El olor a podredumbre los invadió en cuanto salieron a cubierta, del cual encontraron su origen en cuanto descubrieron que se habían estrellado con un bote. Dentro de la lancha vieron los restos inflados y deformados por el sol de lo que alguna vez debió ser una familia, los rostros de estos estaban carcomidos muy posiblemente por las parvadas de gaviotas que iban acompañando aquel grupo de embarcaciones.
Era tanta la sed del grupo que, sin pensarlo, uno de los hombres se aventuró a bajar y saquear los restos de las provisiones que encontraron en la lancha.
—¡Al fin, algo de agua!
Bebieron extasiados y comieron de las pocas frituras que encontraron en el bote.
Conforme fueron ganando fuerzas continuaron la exploración de los barcos que se les iban acercando. En la mayoría encontraron gran cantidad de cadáveres, maletas atestadas de ropa, dinero, papeles personales y provisiones como atún y alimentos enlatados. Las gaviotas observaban atentamente cómo aquellos hombres realizaban rapiña en aquel cementerio ambulante. Para los amigos, era tanta la emoción de encontrar alimento que no les importaba caminar sobre los restos de las personas y ni siquiera se preguntaban cómo aquellos desafortunados tripulantes habían terminado en este lugar.

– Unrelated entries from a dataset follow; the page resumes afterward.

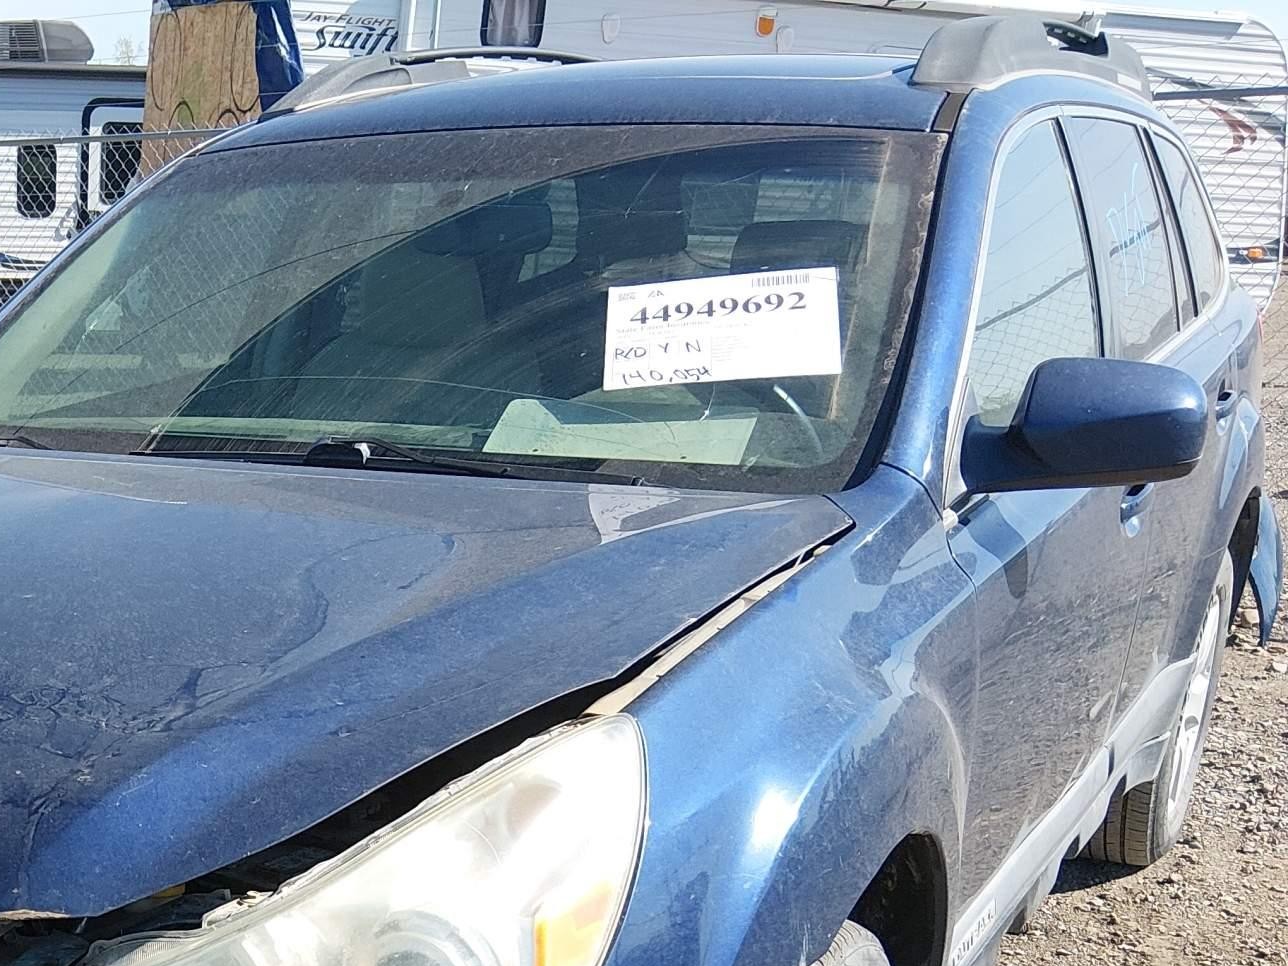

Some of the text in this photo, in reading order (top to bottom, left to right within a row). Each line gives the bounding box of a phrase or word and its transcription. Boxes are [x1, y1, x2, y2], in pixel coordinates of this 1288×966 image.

[300, 12, 397, 26] JAY FLIGHT
[305, 25, 399, 56] Swift
[630, 292, 807, 324] 44949692
[658, 343, 669, 354] Y
[686, 339, 702, 353] N

Después de la cena fue cuando comenzaron a cuestionarse el origen de los cadáveres, pero ya era demasiado tarde. Algo había hecho que esas personas hubieran zarpado hacia el mar. La mayoría de los botes no contaban con las llaves de arranque y se veía que intentaron forzar encenderlos (sin éxito aparente) y si agregas los remos rotos o intentos de estos que acompañaban los navíos daba la impresión de que habían huido de algo ¿qué pudo haber sido tan grave para preferir salir al mar en esas condiciones?

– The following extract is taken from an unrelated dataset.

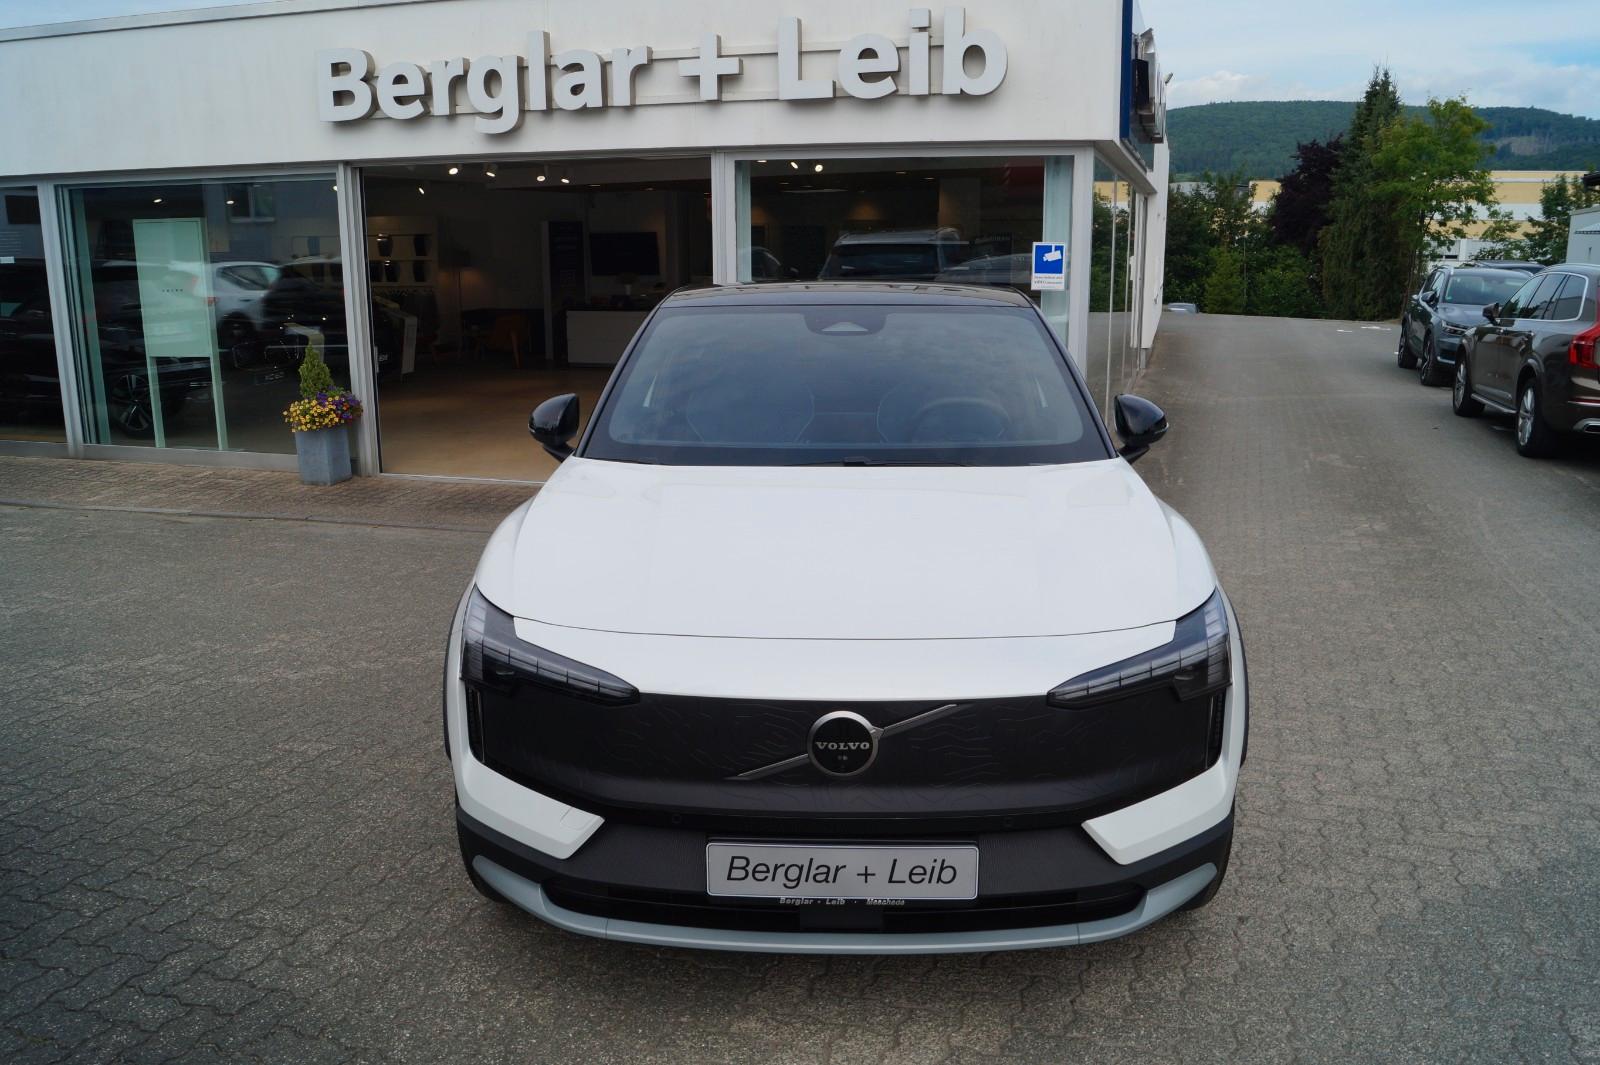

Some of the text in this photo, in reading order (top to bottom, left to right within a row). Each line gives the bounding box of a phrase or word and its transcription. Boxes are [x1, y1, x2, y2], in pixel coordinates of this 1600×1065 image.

Aquella misma noche comenzaron con tos y esa horripilante fiebre acompañada de intensos escalofríos y fuerte dolor de cabeza.
—Estaban enfermos —murmuró uno de los amigos. y ahora nosotros también lo estamos.
A los dos días, el grupo de botes recuperó la calma y volvió a pertenecer solo a las gaviotas, estas, animadas por su nueva adquisición, bajaron al yate en busca de los cuerpos de los náufragos para hacerlos parte de su festín.